Re: gc buffer busy and rac testing

From: Mladen Gogala <>
Date: Thu, 8 Jan 2009 13:05:20 +0000 (UTC)
Message-ID: <gk4tmg$nui$>

On Thu, 08 Jan 2009 12:35:52 +0100, helter skelter wrote:

> Hi,
> I'am testing 2 node RAC but I haven't got too much experince with this
> technology and I am little puzzled after test results. I used Swingemch
> (order_entry test) and when I ran this test on 2 nodes RAC performance
> is much lower then on only one node of this cluster.
> 2 nodes - 324
> 1 node - 473
> 2 nodes - 17571
> 1 node - 25272
> When I look at waits I see (2 node test) that 60% are "gc buffer busy".
> Isn't it too much ? any advices what more can I check?
> Tablespace is localy managed, with auto segment space management and
> system allocation type. Interconnect on dedicated 1GB ethernet. Oracle
> (standard edition) on RHEL5 with asm.
> thakns

GC_BUFFER_BUSY is a RAC event meaning that your process has to wait for the other instance to finish processing the requested block. When user process reads a block from the database, it is cached in SGA. When transactions query the table that contains the block, consistent versions of the block are created in SGA. There can be many consistent versions but there can be only one current version of the block, for the entire database. That, in particular, means that no matter how many instances you have, only 1 of their SGA's will contain the current version. If other instances are in need of the same block, they will be waiting on "GC BUFFER BUSY" event.

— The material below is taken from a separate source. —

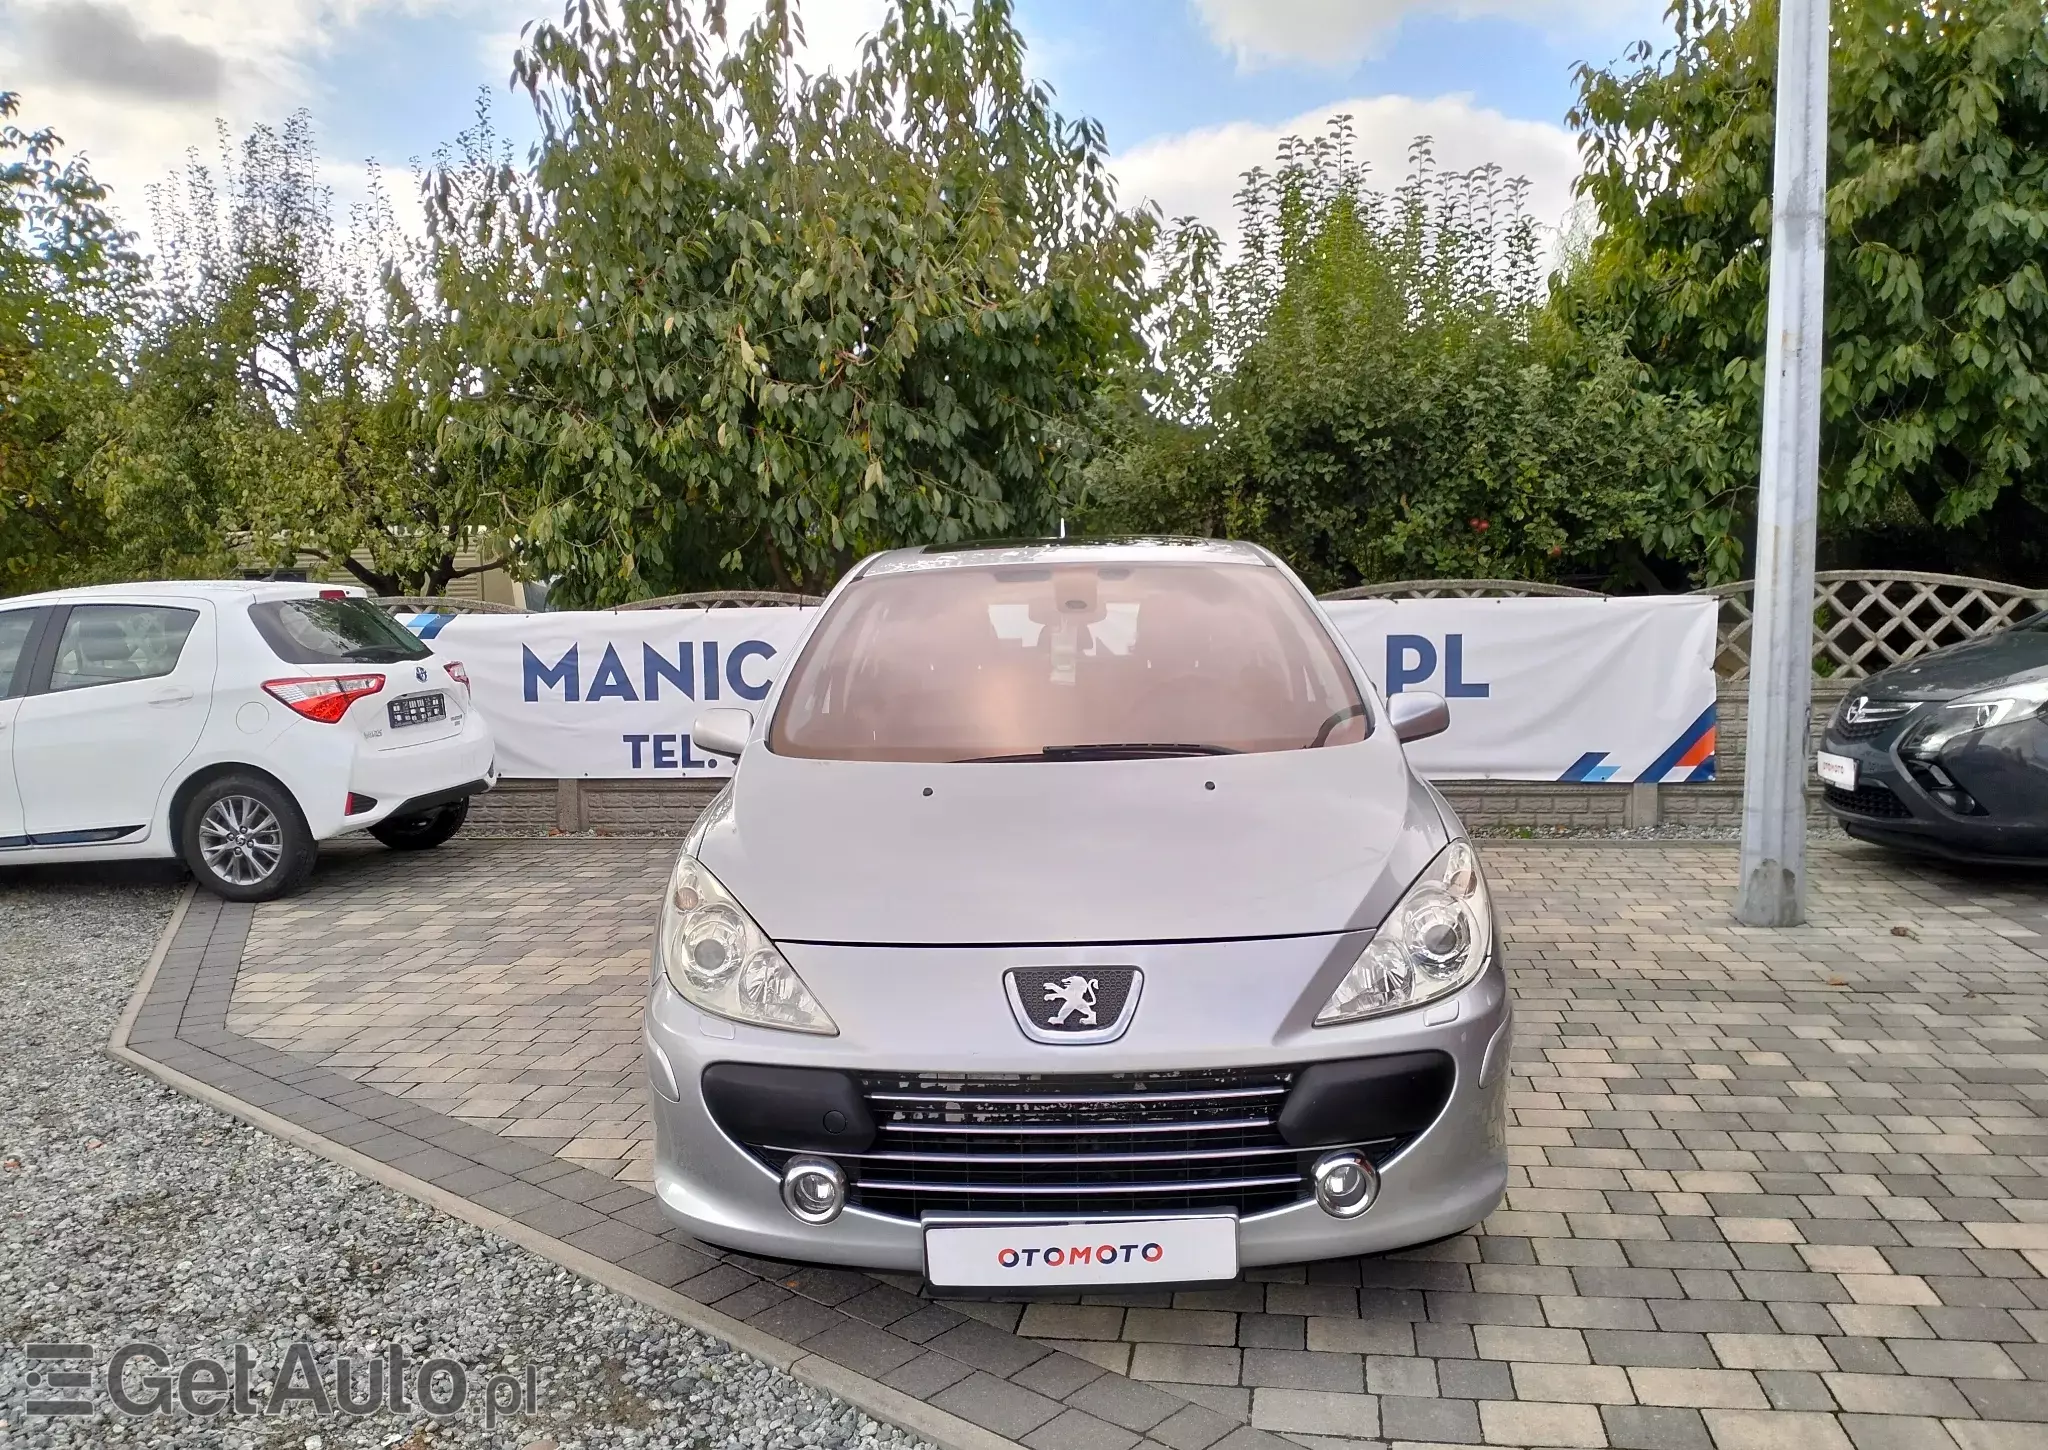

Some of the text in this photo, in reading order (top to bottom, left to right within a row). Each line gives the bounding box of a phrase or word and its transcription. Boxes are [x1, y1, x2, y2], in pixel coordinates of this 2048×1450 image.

[1386, 633, 1490, 698] PL
[622, 734, 718, 769] TEL.
[997, 1242, 1164, 1268] OTOMOTO

Good news is that there is a cure. Bad news is that the cure involves the application restructuring. The cure is called "functional partitioning". Essentially, one ought to make sure that objects are updated from one node only. You can update 2 tables from 2 nodes, one can even update the same table from 2 nodes, but one should never update the same block from 2 nodes. The most common trick to achieve that is to create services by using DBMS_SERVICE and tie them to the particular instance. Those services are then used to connect to the database and update it.

There is a ground-breaking book about RAC by K. Gopalakrishnan, which explains all the gory details that you'd like to know and many that you wouldn't have dreamed of. The book is called "Oracle Database 10g Real Application Clusters" and can be found here: The author also occasionally partakes in the discussions on this group.

The thing to try would be to restrict the Swingbench program to the 1st node and run queries and reports from the 2nd node. That would be a crude version of the functional partitioning. Also, please remember that RAC is a redundancy and availability option, not a performance option. One big blue P6 box will run circles around 20 Dell PC's with quad-CPU boards and 64GB each. On paper, RAC with Dell boxes will be much faster, but in reality, one small P-595 with 32 cores and 128 GB RAM will run circles around any Intel-based configuration for OLTP. You will also get a decent Unix, as opposed to Linux and very nice deep-blue and black boxes quietly churning away without causing you any trouble at all. The secret is that HAL 9000 was an Intel box.